4. Wheat Board Might Be Toast: A Canadian staple fights for survival by Sarah McGregor A delegation is planning to defend Western Canada's grain monopoly next
week in Geneva, even though it's the type of "state-trading enterprise"
the world has pledged to eliminate, according to International
Cooperation critic Ted Menzies, himself an Alberta grower for over 30
years. He adds that the federally legislated Canadian Wheat Board is
this country's "stumbling point" as the world limps toward improving
rules governing international trade. "Our negotiators have a difficult job in trying to defend (the Wheat
Board), especially given the fact that the majority of Western farmers
don't want to defend it anyway," Mr. Menzies says. "I find it
fundamentally wrong that a Crown corporation is paying members to get on
a plane to Geneva and try to defend its kingdom." The CWB will be up against stiff worldwide opposition next week as two
observers attend a Senior Officials Meeting being hosted by Canada's WTO
permanent mission between April 18 and 19. It will be the first time since Canada put the CWB on the bargaining
table last July that the export agency will meet with high-level foreign
diplomats on the sidelines of a major negotiating session. The group
will also meet with producer and agricultural export groups of other
nations to try and build support for their survival. CWB Director Larry Hill says Geneva is a long way from his farm in
Winnipeg, and timing is inopportune given that feeding season will have
just begun. But he notes that getting all of the decision-makers at one
time, in one place is a rare opportunity that can't be missed. "It's
costly to run around and talk to these people. One of the toughest
things is to meet these countries, and schedule meetings here and
there," he says. "The more people we have understanding the Canadian Wheat Board, the
better chance we have of not being bullied off the block," adds Mr.

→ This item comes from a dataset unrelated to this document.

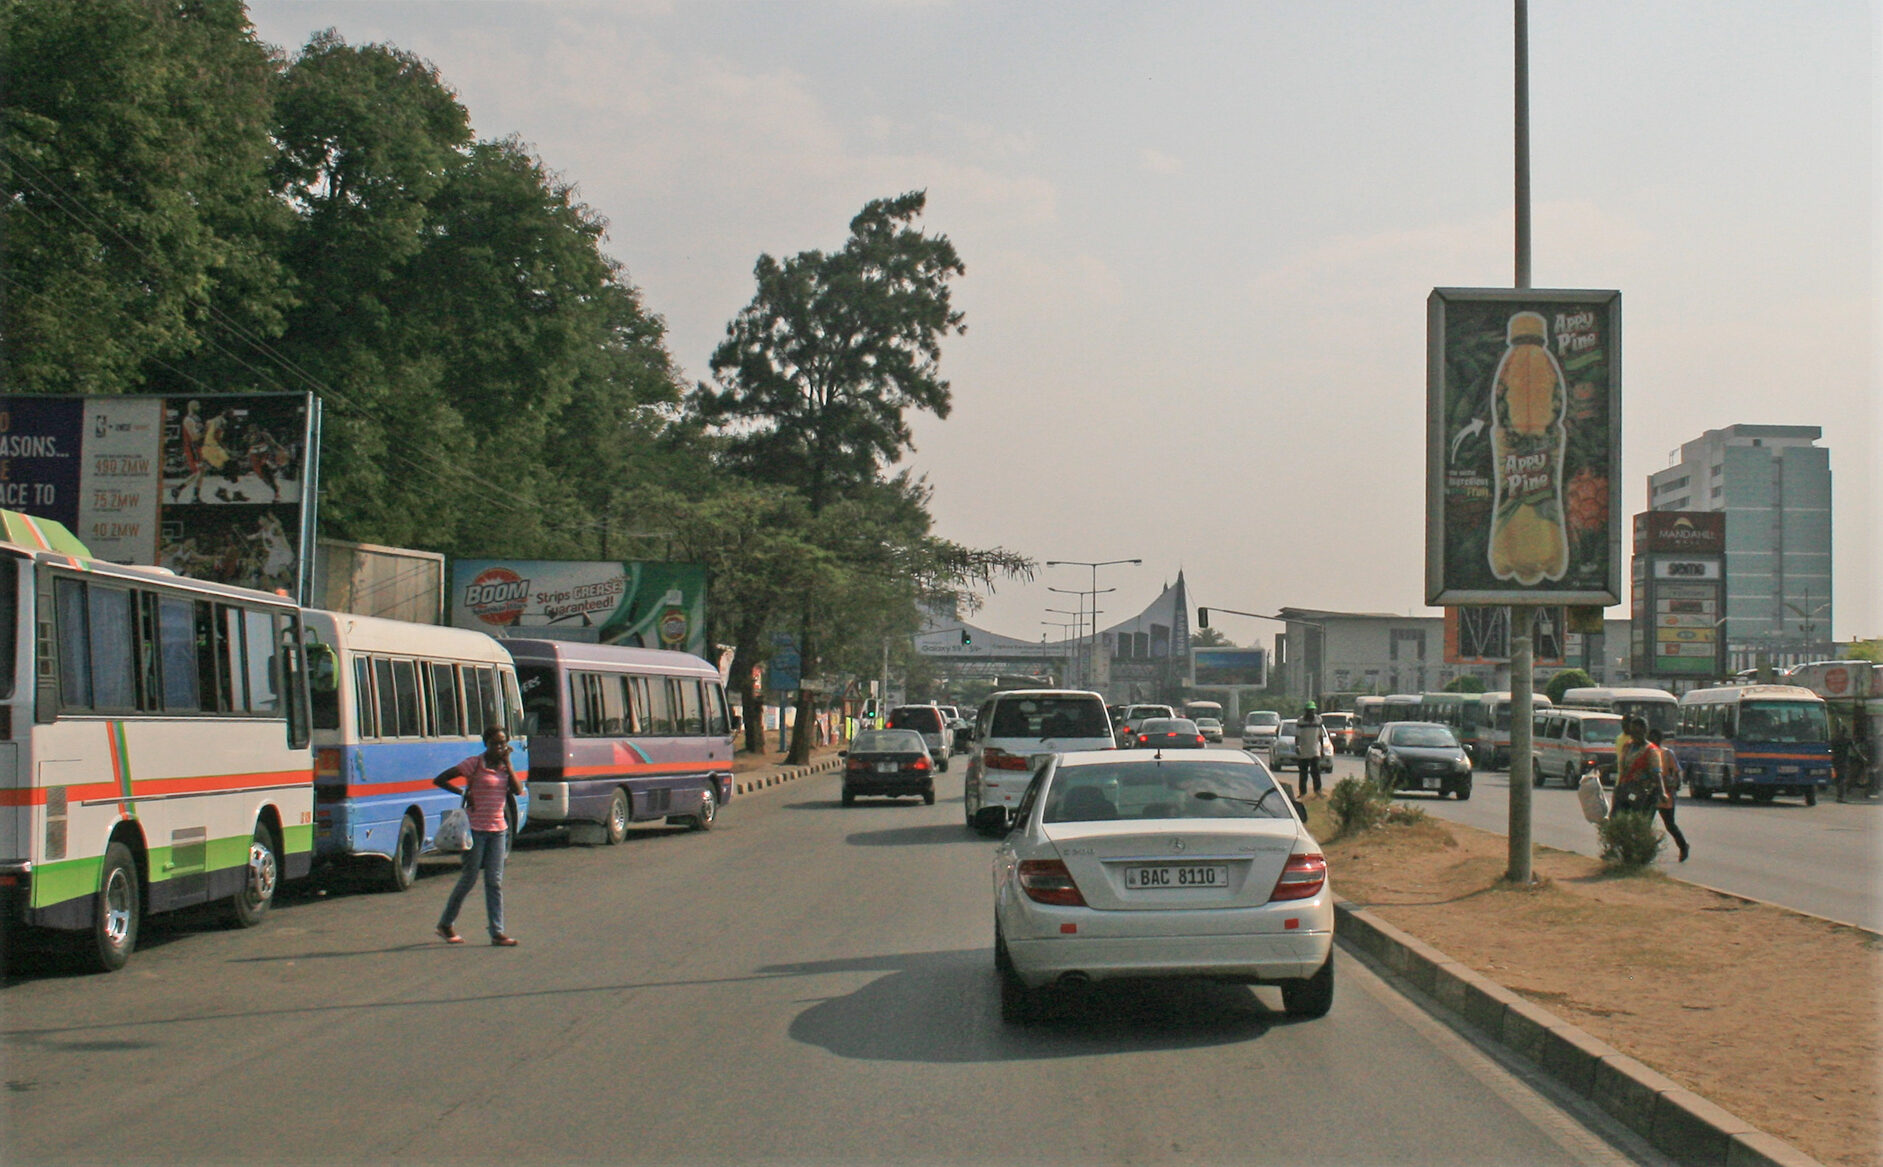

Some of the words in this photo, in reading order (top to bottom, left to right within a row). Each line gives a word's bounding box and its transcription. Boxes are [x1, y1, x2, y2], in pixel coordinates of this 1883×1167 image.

Hill. "What we are getting ready for here is a negotiation that is going
to be very difficult. (It's a question of)... can we make connections
with people and give them a better understanding?" The Prairie-based group has been actively doing so in other forums, and
that includes tension-filled meetings with American and European farm
lobby groups that many times got off to a rocky start because they
misunderstood CWB's mandate, says Mr. Hill, also chairman of the trade
committee. He says farm groups, such as the International Federation of Agriculture
Producers, called on the CWB to attend the upcoming session as a way to
spread factual information and get its voice heard. "If we don't go
there directly and correct this misinformation, then others won't know,"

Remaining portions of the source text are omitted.